What would prompt me to make such a bold statement, you might ask? I have observed a phenomenon for several years now which has disturbed me to the very fiber of my being. Slowly, very gradually, as it is with most bad things that enter our lives, I have watched many people around me turn into little more than robots. Let me explain.
I think that the advent of "nasty t.v." Has had a lot to do with the dulling of American sensation. I can remember in the 70's when Hollywood began to sneak concepts, innuendo, and just downright filth into our living rooms. They did not do it all at once. We were coming off the decade of the 60's when America began taking its clothes off, and we pretty well finished the strip in the 70's. The same went with everything from married people sleeping in the same bed evolving into every type of perversion to now our present-day blatant approval of homosexuality. Where America used to be incensed if Desi and Lucy shared the same bed, though they were married on and off stage, now, two people of the same sex and not married (obviously) can share the "marriage bed."
My mom and I were having a conversation the other day. We were talking about television, and she asked me if I remembered watching "Three's Company?" I told her that I did. Here we were, a family of Christians, watching "Three's Company" and thinking nothing about it. We both asked each other the question, "What were we thinking?" Rhetorically, we obviously were neither thinking nor feeling. Thankfully, now, we have come to know that shows like that, with scanty attire, innuendo, and straight out references to sexuality and homosexuality are not going to be viewed in our homes.

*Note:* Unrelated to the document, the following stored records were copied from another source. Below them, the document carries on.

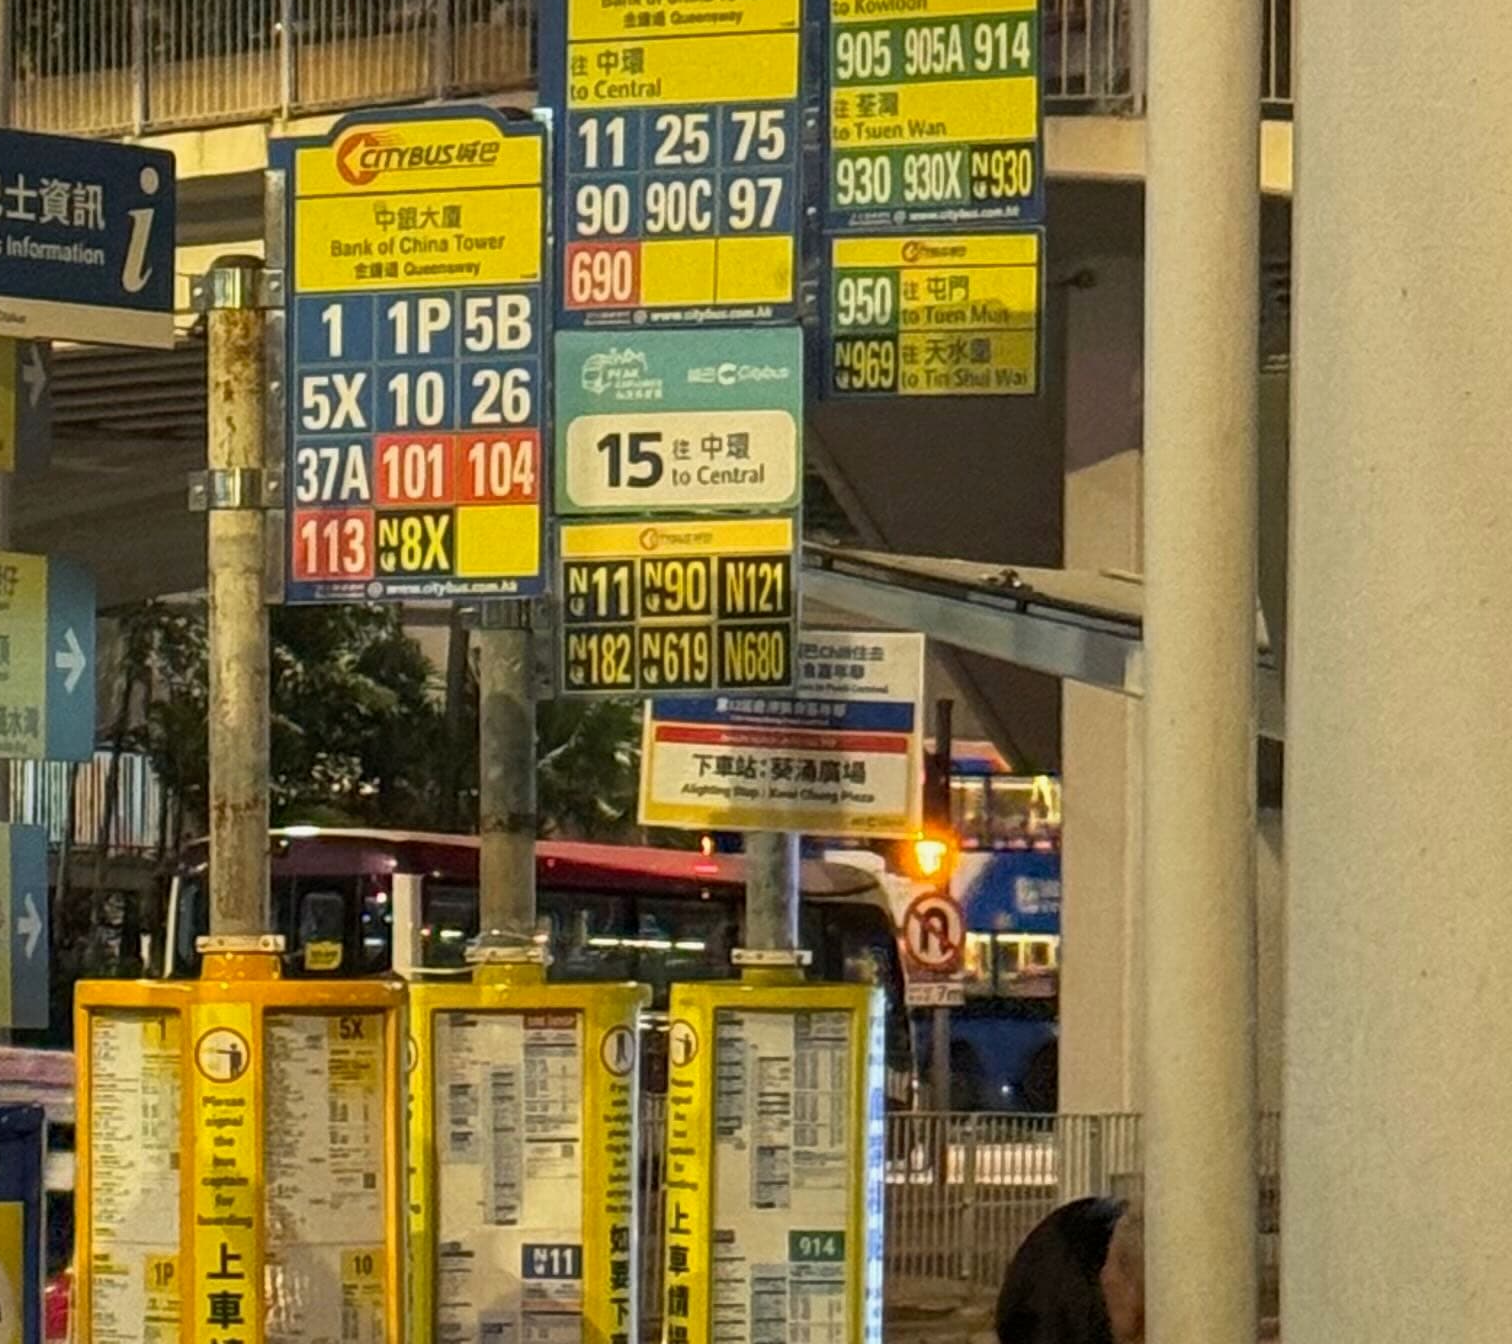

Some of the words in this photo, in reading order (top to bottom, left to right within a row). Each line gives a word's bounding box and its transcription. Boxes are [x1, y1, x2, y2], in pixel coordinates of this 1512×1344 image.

[670, 10, 743, 26] Queensway
[571, 55, 588, 77] 往
[597, 48, 645, 75] 中環
[838, 30, 891, 81] 905
[905, 24, 965, 76] 905A
[974, 21, 1030, 72] 914
[570, 81, 588, 101] to
[594, 79, 661, 99] Central
[579, 117, 624, 168] 11
[655, 114, 710, 164] 25
[732, 110, 785, 161] 75
[833, 125, 850, 141] to
[854, 122, 903, 140] Tsuen
[907, 119, 947, 137] Wan
[359, 142, 455, 170] CITYBUS
[837, 156, 891, 204] 930
[903, 151, 962, 201] 930X
[375, 205, 462, 230] 中銀大廈
[577, 184, 629, 235] 90
[646, 179, 711, 232] 90C
[729, 178, 783, 229] 97
[121, 167, 160, 293] i
[6, 234, 105, 266] Information
[331, 239, 371, 257] Bank
[377, 238, 395, 255] of
[399, 236, 448, 254] China
[453, 232, 505, 252] Tower
[403, 260, 481, 278] Queensway
[572, 250, 632, 302] 690
[837, 277, 891, 326] 950
[926, 275, 969, 301] 屯門
[902, 308, 920, 325] to
[923, 306, 968, 324] Tuen
[971, 304, 1010, 323] Mun
[322, 303, 342, 357] 1
[388, 298, 451, 355] 1P
[465, 294, 532, 352] 5B
[924, 338, 991, 365] 天水圍
[901, 372, 918, 389] to
[924, 370, 950, 387] Tin
[956, 371, 988, 388] Shui
[995, 371, 1027, 387] Wai
[303, 374, 366, 431] 5X
[388, 372, 445, 427] 10
[472, 369, 531, 424] 26
[297, 445, 370, 504] 37A
[384, 443, 444, 500] 101
[469, 440, 535, 497] 104
[597, 432, 663, 488] 15
[701, 432, 749, 460] 中環
[671, 467, 690, 487] to
[697, 463, 764, 486] Central
[302, 519, 365, 573] 113
[386, 580, 518, 597] www.citybus.com.hk
[725, 563, 783, 613] N121
[725, 631, 783, 681] N680
[339, 1017, 365, 1040] 5X
[800, 1239, 836, 1257] 914
[154, 1263, 175, 1286] 1P
[354, 1255, 374, 1275] 10

Not too many years ago, I walked unannounced into a home of some Christians I knew. They were watching "The Simpsons." You know, the cartoon on Fox with Homer and Bart, etc.? At any rate, they informed me that it was their favorite program. Perfect example of desensitization. Bart Simpson is about the most obnoxious child to ever hit t.v. He is rude, arrogant, smart-mouthed, disrespectful (calls his own dad Homer) and just about every other derogatory label you could think of. These people would smack their own kids "upside the head" if they even thought of acting any of these ways. Yet, they sat around as a family and enjoyed the show. I've seen enough clips of the show to know that it can be funny in spots. But I also saw enough of the show to know that it was something we were not going to watch in our house. I am not trying to be self-righteous here. I guess I am just shocked that Christians could pick out a show like this to be a favorite.

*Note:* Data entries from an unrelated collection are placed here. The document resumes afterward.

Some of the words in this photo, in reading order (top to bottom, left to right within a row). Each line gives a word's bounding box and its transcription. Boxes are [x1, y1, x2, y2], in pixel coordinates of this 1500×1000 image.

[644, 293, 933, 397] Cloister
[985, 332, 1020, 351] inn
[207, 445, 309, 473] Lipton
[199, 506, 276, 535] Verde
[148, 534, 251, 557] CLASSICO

Ditto on the Super Bowl and Super Bowl parties. (Due to church services, the game would always be taped for viewing later.) I stopped going to those a long time ago when I realized that I could not view the commercials in mixed company, or more honestly, that they should not be viewed at all. At times that maybe the t.v. should have just been shut off, people merely got up to go get a coke. That was their way of dealing with a moment of discomfort, but not nearly enough discomfort to just do the right thing. Janet Jackson finally finished it off for most people who still have consciences. I thankfully missed her expose' because I had given up on being able to watch the Superbowl in good conscience.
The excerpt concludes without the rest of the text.